** DATA FOR THE TASK follows **

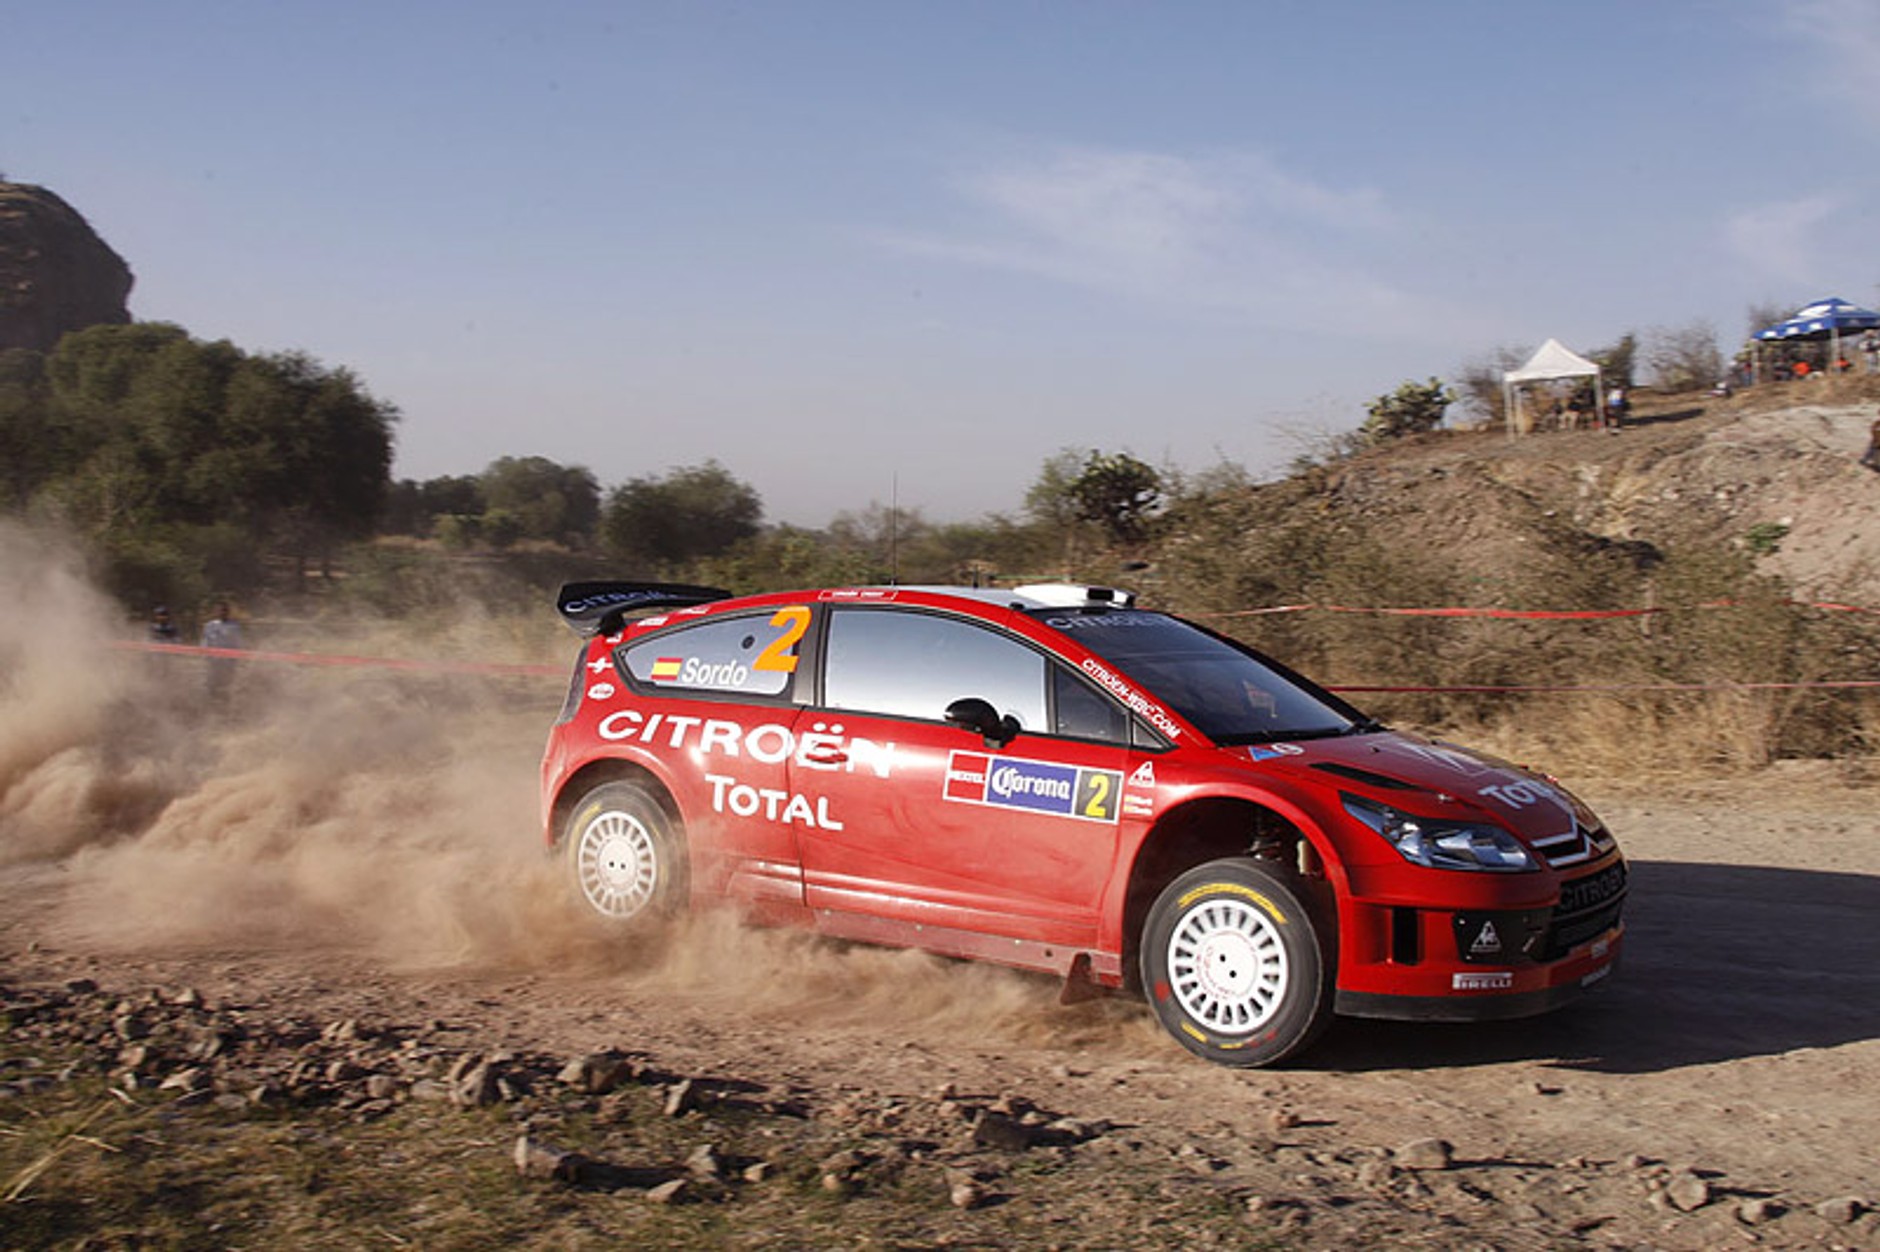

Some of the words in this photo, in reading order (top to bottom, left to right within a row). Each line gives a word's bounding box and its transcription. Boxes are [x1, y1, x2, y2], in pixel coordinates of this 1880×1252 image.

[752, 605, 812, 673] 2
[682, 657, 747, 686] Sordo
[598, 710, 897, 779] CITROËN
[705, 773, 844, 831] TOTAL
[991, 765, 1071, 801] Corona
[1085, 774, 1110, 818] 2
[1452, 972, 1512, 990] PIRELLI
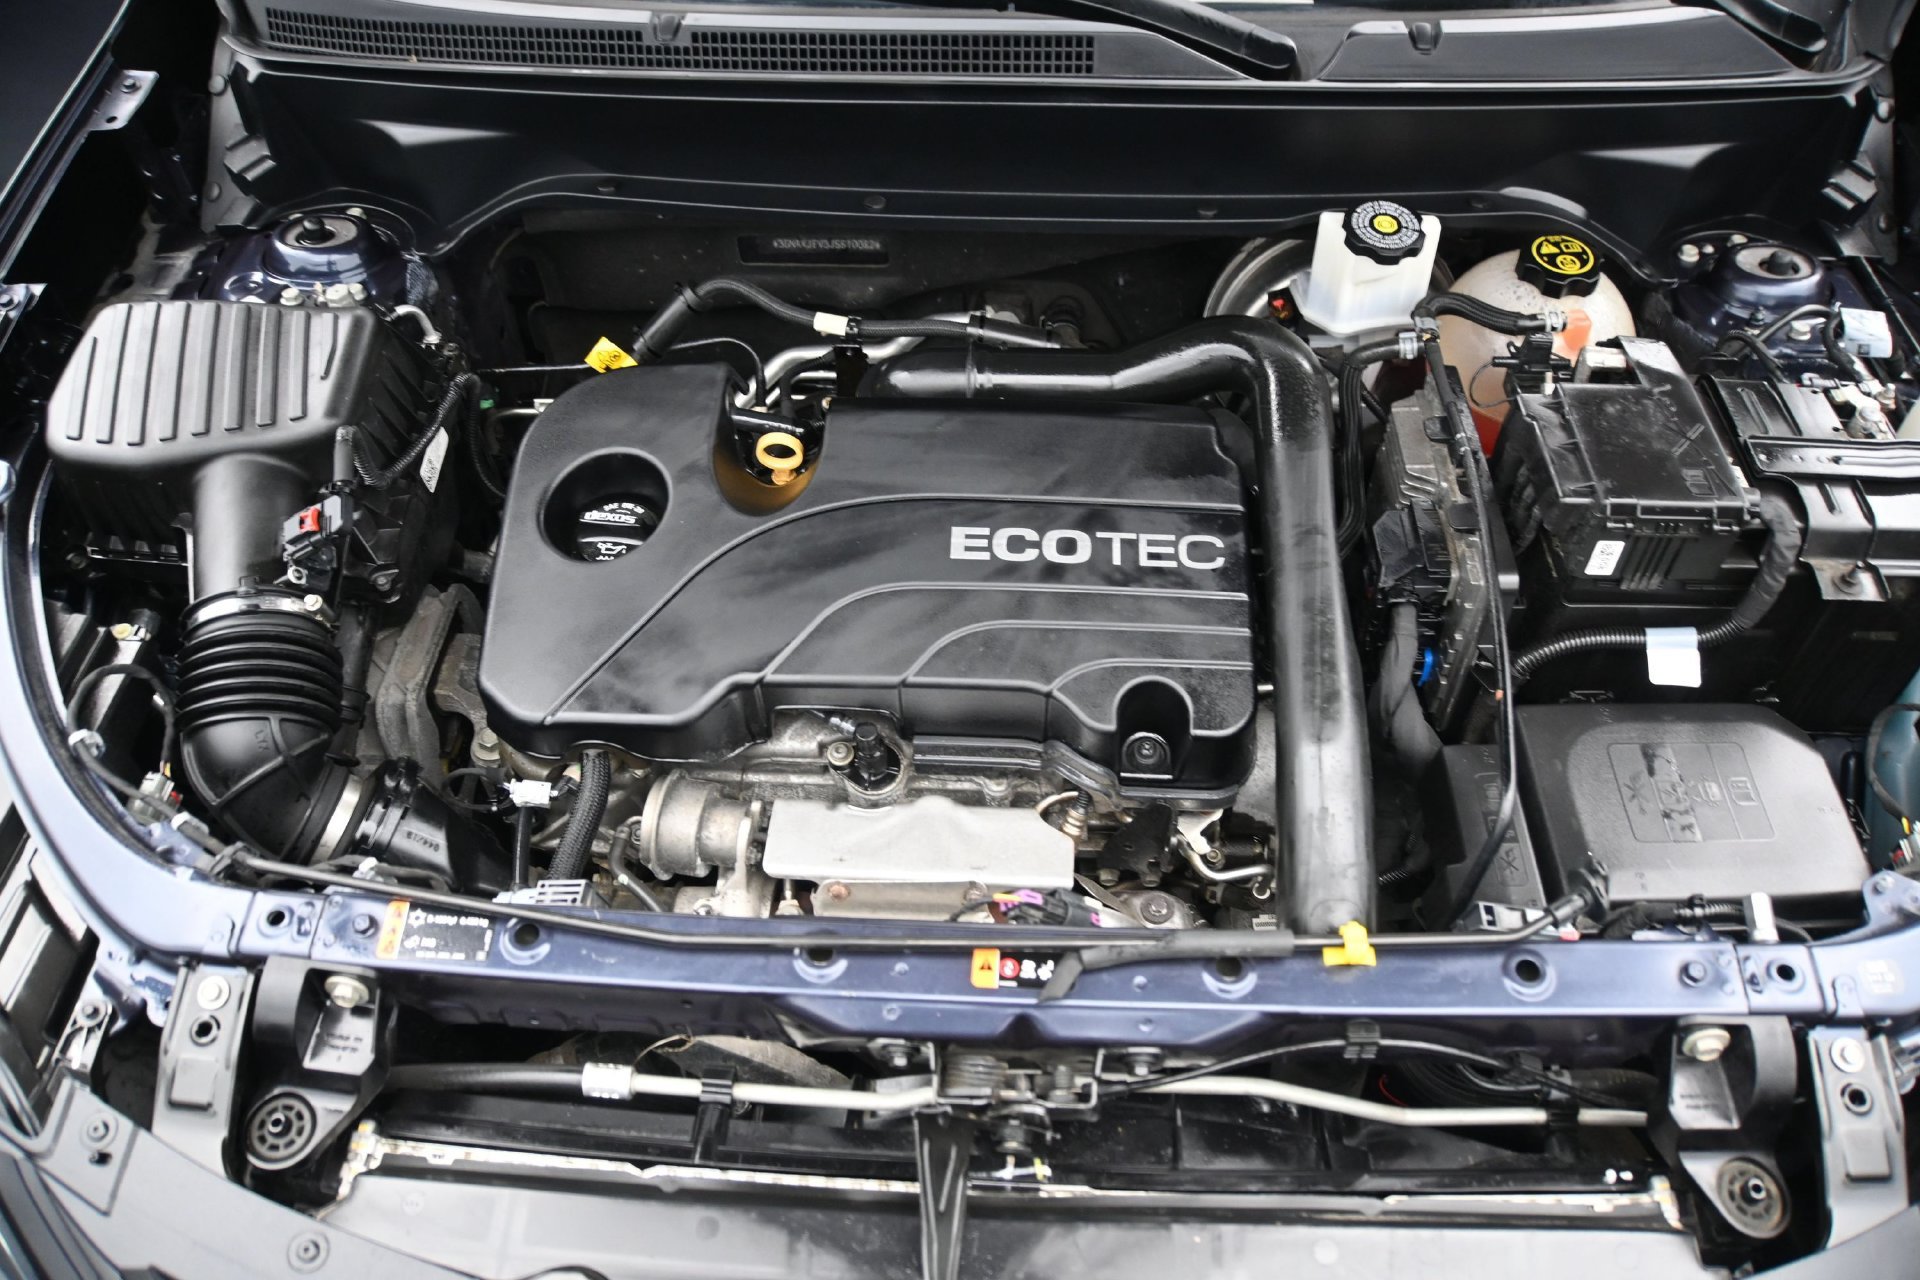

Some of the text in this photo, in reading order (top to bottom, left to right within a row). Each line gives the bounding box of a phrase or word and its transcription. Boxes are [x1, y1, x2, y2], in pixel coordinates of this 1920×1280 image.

** End of DATA FOR THE TASK **

(INSTRUCTIONS FOR THE TASK): Each entry above should be printed exactly, and any picture in it left out.

(TASK SOLUTION):
Some of the words in this photo, in reading order (top to bottom, left to right within a row). Each line gives a word's bounding box and its transcription. Boxes are [x1, y1, x2, y2], in pixel coordinates of this 1880×1252 image.

[752, 605, 812, 673] 2
[682, 657, 747, 686] Sordo
[598, 710, 897, 779] CITROËN
[705, 773, 844, 831] TOTAL
[991, 765, 1071, 801] Corona
[1085, 774, 1110, 818] 2
[1452, 972, 1512, 990] PIRELLI

Some of the text in this photo, in reading order (top to bottom, left to right within a row). Each line gives the bounding box of a phrase or word and its transcription. Boxes are [x1, y1, x2, y2], in pixel coordinates of this 1920×1280 image.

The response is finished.